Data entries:
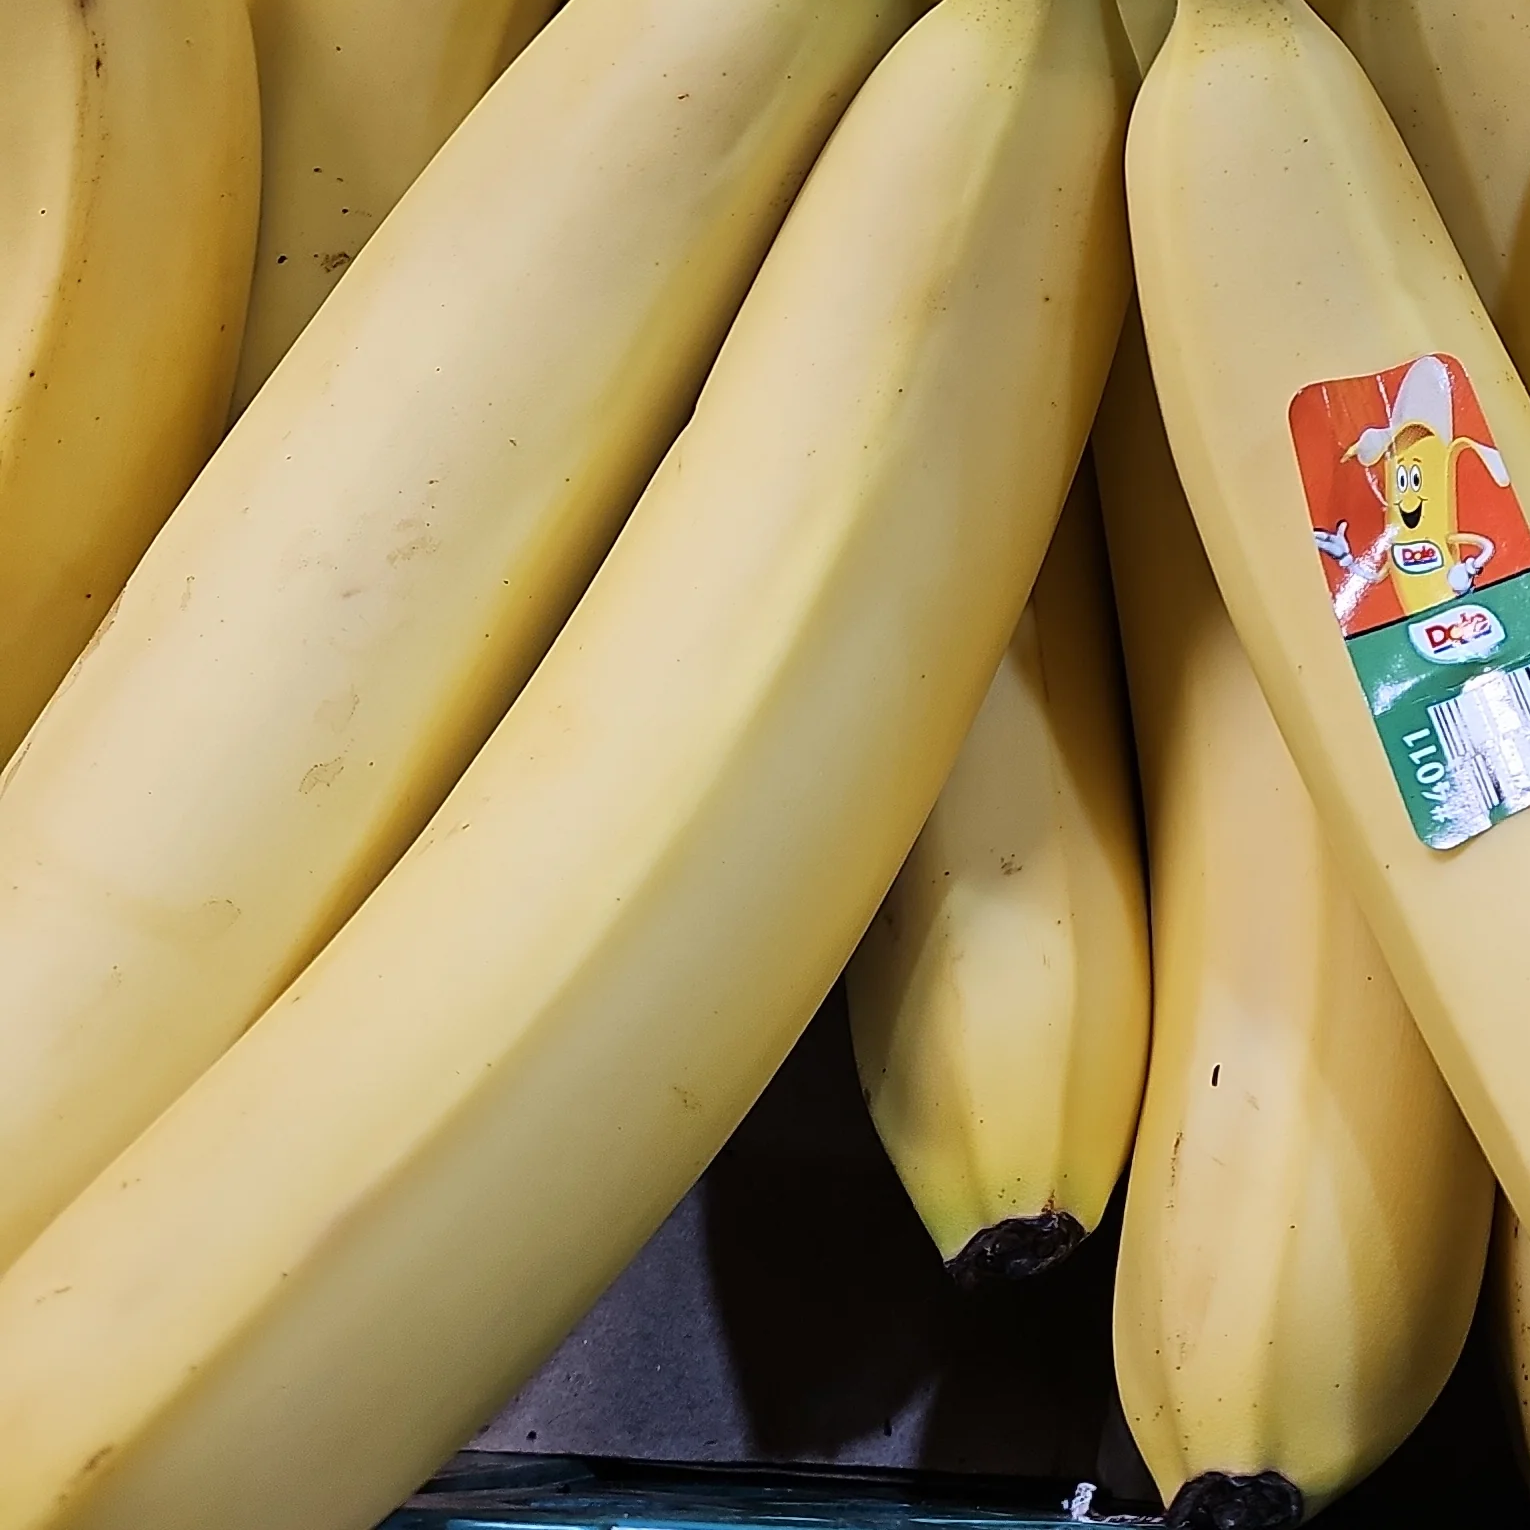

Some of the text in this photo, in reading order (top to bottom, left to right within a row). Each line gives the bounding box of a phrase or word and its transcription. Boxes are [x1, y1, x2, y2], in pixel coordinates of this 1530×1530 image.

[1401, 546, 1436, 563] Dole
[1424, 612, 1490, 649] Dole
[1402, 728, 1451, 823] #4011
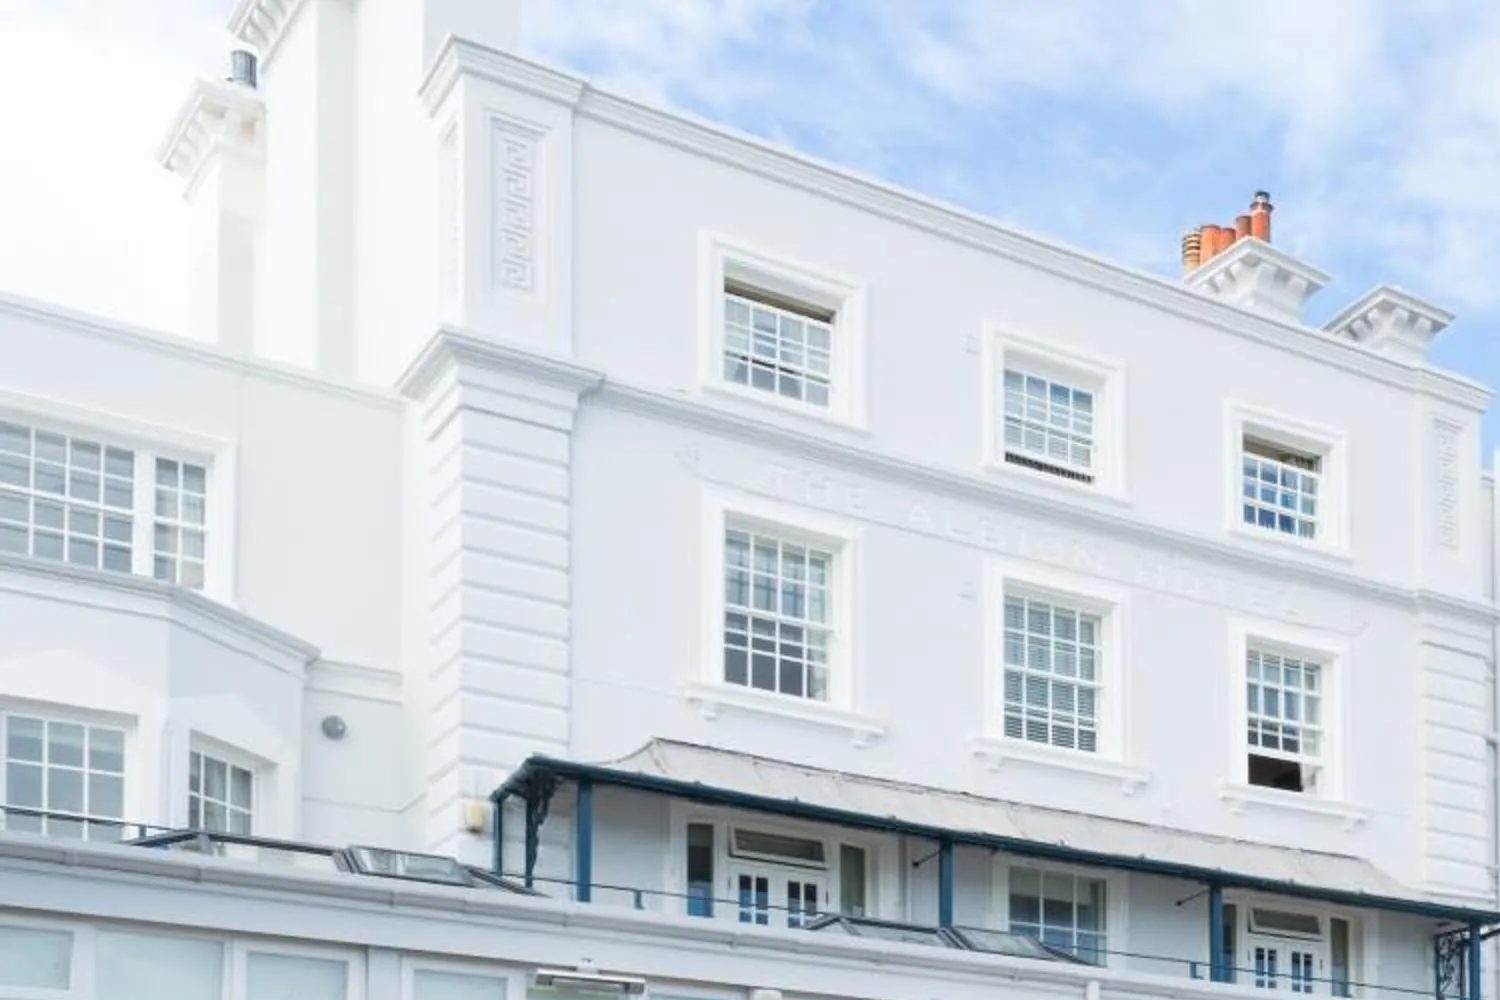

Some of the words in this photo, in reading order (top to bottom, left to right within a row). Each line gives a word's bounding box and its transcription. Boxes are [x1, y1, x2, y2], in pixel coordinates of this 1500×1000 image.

[768, 466, 865, 511] THE
[906, 500, 1103, 572] ALBION
[1137, 556, 1298, 618] HOTEL
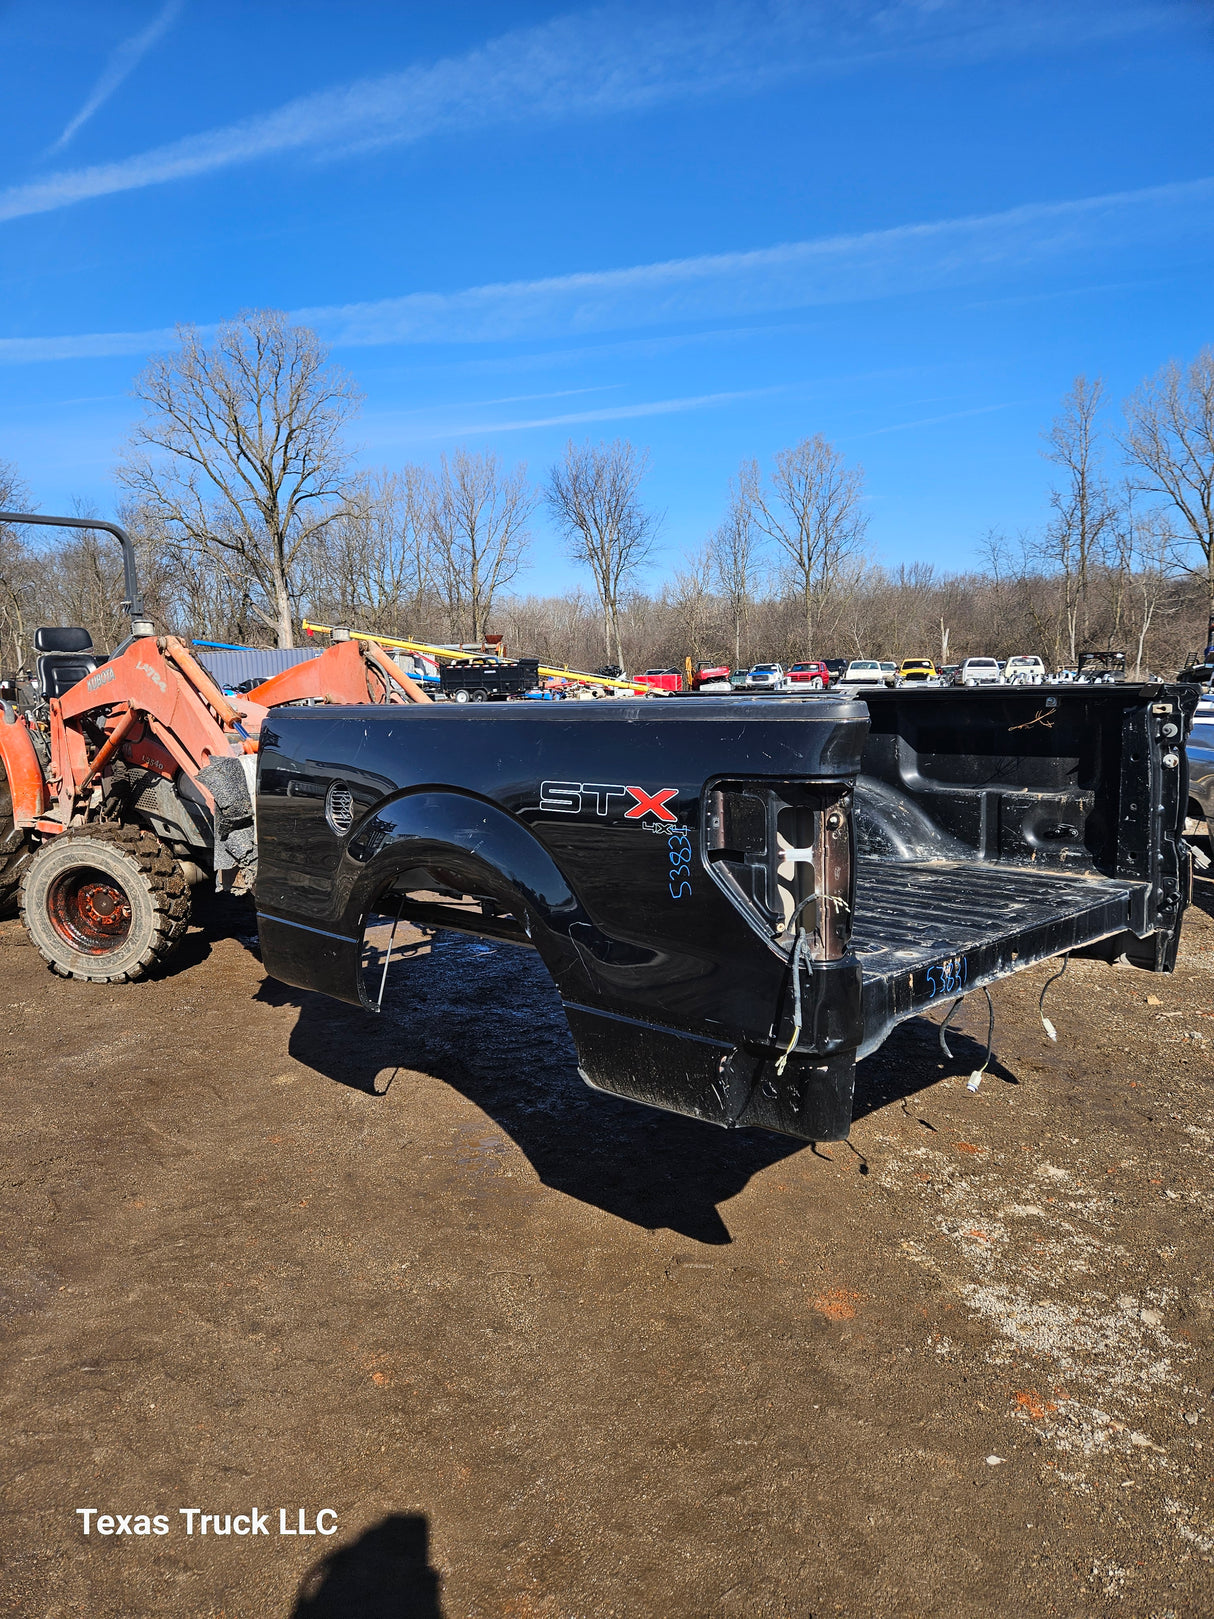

■ **Exercise requirements**: Exclude all images and restate the records above word for word.

■ **Solution for this task**:
Some of the text in this photo, in reading order (top to bottom, left to right within a row). Each line gives the bounding box of a phrase or word and its transcription. Boxes are [x1, y1, x2, y2], in pixel coordinates of this 1530×1530 image.

[1401, 546, 1436, 563] Dole
[1424, 612, 1490, 649] Dole
[1402, 728, 1451, 823] #4011

Some of the words in this photo, in reading order (top to bottom, left to right within a row). Each line gives a word's bounding box and its transcription. Boxes are [x1, y1, x2, y2], in pixel coordinates of this 1500×1000 image.

[768, 466, 865, 511] THE
[906, 500, 1103, 572] ALBION
[1137, 556, 1298, 618] HOTEL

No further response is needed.